1 Introduction

Well-designed randomised controlled trials (RCTs) remain the gold standard for estimating treatment effects between counterfactual groups (e.g., Treatment A vs Treatment B). This is due to the role trial designs and randomisation play in controlling for various forms of bias, particularly selection bias and confounding [1,2,3], strengthening our ability to make causal claims related to estimated differences between counterfactual groups.  RCTs are not perfect though and are still prone to various forms of bias, such as information bias (e.g., missing data due to loss to follow-up) [2]. A trip to any health technology assessment (HTA)-related conference suggests a preference for decision-analytic modelling over trial-based economic evaluations. This may have been influenced by a perception among researchers that HTA agencies have a preference for decision-analytic models. Other factors could include a growing workforce skilled in decision-analytic modelling, insufficient data collected in trials to enable trial-based economic evaluations, and publications recommending decision-analytic modelling over trial-based analyses.

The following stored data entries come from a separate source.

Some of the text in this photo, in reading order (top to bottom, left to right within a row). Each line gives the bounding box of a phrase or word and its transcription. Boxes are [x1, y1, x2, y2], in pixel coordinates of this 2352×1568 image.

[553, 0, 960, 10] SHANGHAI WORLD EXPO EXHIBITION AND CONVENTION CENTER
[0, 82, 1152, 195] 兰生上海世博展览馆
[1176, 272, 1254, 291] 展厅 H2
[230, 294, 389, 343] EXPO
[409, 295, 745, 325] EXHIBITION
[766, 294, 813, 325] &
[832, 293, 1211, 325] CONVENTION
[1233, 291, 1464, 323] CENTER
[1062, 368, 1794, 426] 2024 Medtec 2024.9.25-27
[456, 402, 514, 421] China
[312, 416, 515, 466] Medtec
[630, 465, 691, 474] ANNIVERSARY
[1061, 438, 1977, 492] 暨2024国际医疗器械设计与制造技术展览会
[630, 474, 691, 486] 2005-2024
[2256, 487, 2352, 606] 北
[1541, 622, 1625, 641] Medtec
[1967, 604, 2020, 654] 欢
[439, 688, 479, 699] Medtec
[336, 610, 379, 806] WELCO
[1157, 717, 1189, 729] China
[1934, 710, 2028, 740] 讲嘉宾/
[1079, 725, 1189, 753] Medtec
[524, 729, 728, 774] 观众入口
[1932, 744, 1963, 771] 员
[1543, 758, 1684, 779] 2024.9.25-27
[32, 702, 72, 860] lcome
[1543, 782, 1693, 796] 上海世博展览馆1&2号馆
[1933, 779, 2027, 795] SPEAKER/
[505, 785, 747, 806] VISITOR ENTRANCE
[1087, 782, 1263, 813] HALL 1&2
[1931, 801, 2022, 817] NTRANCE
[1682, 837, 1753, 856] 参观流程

Our view is that it is time to revisit the underlying philosophies and requirements that have resulted in decision-analytic models being the preferred mode of economic evaluation, particularly to inform HTA processes. We do this to rebalance the preference for decision-analytic model-based economic evaluations that has developed over the last 20+ years. As such, this article provides an overview of why decision-analytic models may have become preferred to trial-based economic evaluations, but also set out circumstances where trial-based analyses are sufficient and perhaps preferable to modelling.

2 Do We Need to Debate Models Versus Trial-Based Evaluations?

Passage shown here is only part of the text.